2) QUARTERLY PORTFOLIO SCHEDULES – The Fund files a complete schedule of portfolio holdings with the SEC for the first and third quarters of each fiscal year (quarters ended March 31 and September 30) as an exhibit to its reports on Form N-PORT. The Fund’s Form N-PORT reports are available on the SEC's website at http://www.sec.gov.
3) CHANGE IN INDEPENDENT REGISTERED PUBLIC ACCOUNTING FIRM – Effective March 6, 2023, BBD LLP (“BBD”) ceased to serve as the independent registered public accounting firm of the Fund. The Audit Committee of the Board of Trustees approved the replacement of BBD as a result of Cohen & Company, Ltd.’s (“Cohen”) acquisition of BBD’s investment management group.

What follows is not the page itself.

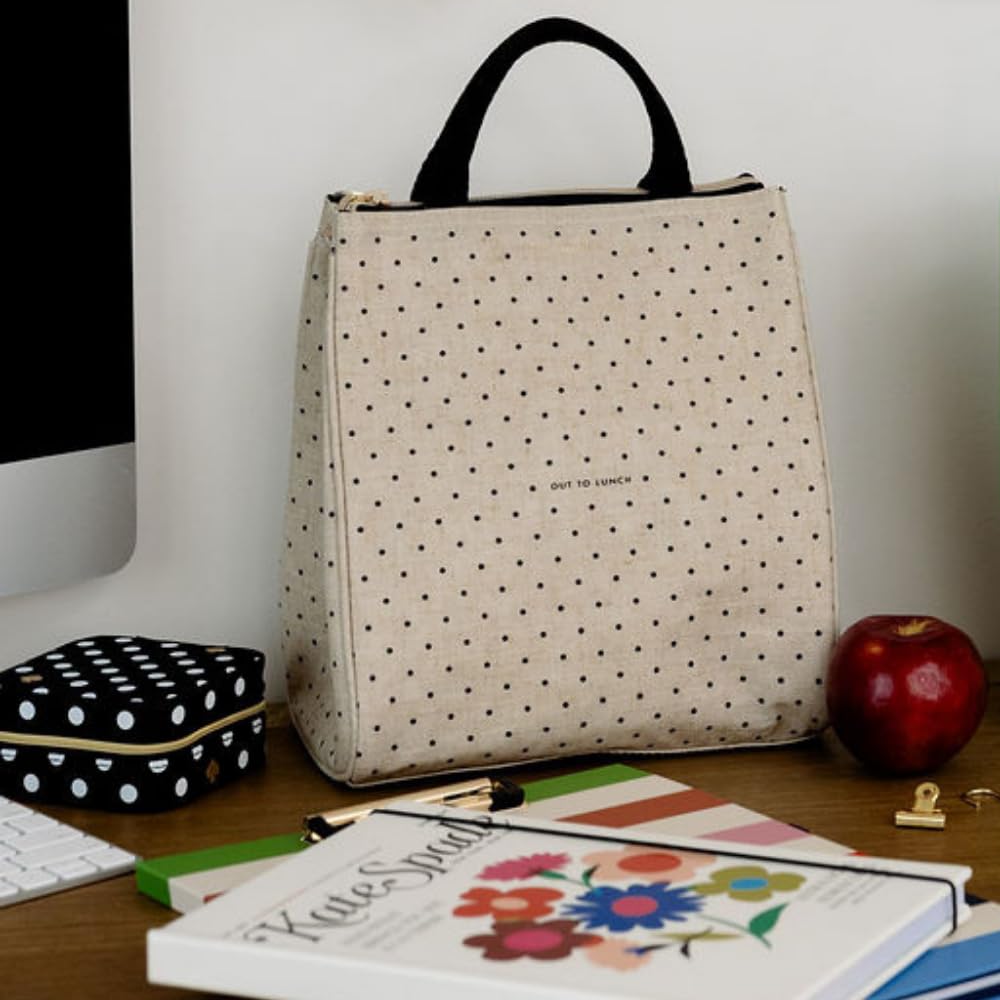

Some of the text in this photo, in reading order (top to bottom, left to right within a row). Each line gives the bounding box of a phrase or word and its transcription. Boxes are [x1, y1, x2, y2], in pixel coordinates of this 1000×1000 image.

[550, 476, 632, 490] OUT TO LUNCH
[244, 880, 380, 943] Kate

The report of BBD on the financial statements of the Fund as of and for the fiscal years ended 2021 and 2022 did not contain an adverse opinion or a disclaimer of opinion, and were not qualified or modified as to uncertainties, audit scope or accounting principles. During the fiscal years ended 2021 and 2022, and during the subsequent interim period through March 6, 2023: (i) there were no disagreements between the Fund and BBD on any matter of accounting principles or practices, financial statement disclosure, or auditing scope or procedure, which disagreements, if not resolved to the satisfaction of BBD, would have caused it to make reference to the subject matter of the disagreements in its report on the financial statements of the Fund for such years or interim period; and (ii) there were no “reportable events,” as defined in Item 304(a)(1)(v) of Regulation S-K under the Securities Exchange Act of 1934, as amended.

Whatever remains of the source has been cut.